Instructions to follow ▸ Each record has to be returned exactly as it appears.

Spatial localization data:
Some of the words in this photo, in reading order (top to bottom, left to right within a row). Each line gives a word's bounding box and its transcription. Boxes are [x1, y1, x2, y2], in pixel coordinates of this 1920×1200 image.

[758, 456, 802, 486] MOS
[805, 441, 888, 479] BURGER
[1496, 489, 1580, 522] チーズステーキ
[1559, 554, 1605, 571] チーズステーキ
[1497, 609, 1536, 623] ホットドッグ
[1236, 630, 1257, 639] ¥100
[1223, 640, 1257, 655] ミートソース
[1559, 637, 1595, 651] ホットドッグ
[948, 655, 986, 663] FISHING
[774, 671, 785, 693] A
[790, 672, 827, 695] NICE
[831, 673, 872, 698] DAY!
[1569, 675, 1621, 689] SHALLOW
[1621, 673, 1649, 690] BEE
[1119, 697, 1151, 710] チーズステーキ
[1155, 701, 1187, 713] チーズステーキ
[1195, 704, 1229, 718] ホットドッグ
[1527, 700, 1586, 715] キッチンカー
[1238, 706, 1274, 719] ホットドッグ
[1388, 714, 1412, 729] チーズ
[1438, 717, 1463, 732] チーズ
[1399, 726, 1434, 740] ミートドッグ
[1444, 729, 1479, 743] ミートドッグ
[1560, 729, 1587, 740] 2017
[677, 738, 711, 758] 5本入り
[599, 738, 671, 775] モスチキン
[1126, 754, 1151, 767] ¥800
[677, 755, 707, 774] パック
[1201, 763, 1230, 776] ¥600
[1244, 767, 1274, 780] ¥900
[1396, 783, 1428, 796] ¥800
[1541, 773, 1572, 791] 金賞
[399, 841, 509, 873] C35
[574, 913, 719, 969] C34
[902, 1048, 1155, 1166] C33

Response area ▸
Some of the words in this photo, in reading order (top to bottom, left to right within a row). Each line gives a word's bounding box and its transcription. Boxes are [x1, y1, x2, y2], in pixel coordinates of this 1920×1200 image.

[758, 456, 802, 486] MOS
[805, 441, 888, 479] BURGER
[1496, 489, 1580, 522] チーズステーキ
[1559, 554, 1605, 571] チーズステーキ
[1497, 609, 1536, 623] ホットドッグ
[1236, 630, 1257, 639] ¥100
[1223, 640, 1257, 655] ミートソース
[1559, 637, 1595, 651] ホットドッグ
[948, 655, 986, 663] FISHING
[774, 671, 785, 693] A
[790, 672, 827, 695] NICE
[831, 673, 872, 698] DAY!
[1569, 675, 1621, 689] SHALLOW
[1621, 673, 1649, 690] BEE
[1119, 697, 1151, 710] チーズステーキ
[1155, 701, 1187, 713] チーズステーキ
[1195, 704, 1229, 718] ホットドッグ
[1527, 700, 1586, 715] キッチンカー
[1238, 706, 1274, 719] ホットドッグ
[1388, 714, 1412, 729] チーズ
[1438, 717, 1463, 732] チーズ
[1399, 726, 1434, 740] ミートドッグ
[1444, 729, 1479, 743] ミートドッグ
[1560, 729, 1587, 740] 2017
[677, 738, 711, 758] 5本入り
[599, 738, 671, 775] モスチキン
[1126, 754, 1151, 767] ¥800
[677, 755, 707, 774] パック
[1201, 763, 1230, 776] ¥600
[1244, 767, 1274, 780] ¥900
[1396, 783, 1428, 796] ¥800
[1541, 773, 1572, 791] 金賞
[399, 841, 509, 873] C35
[574, 913, 719, 969] C34
[902, 1048, 1155, 1166] C33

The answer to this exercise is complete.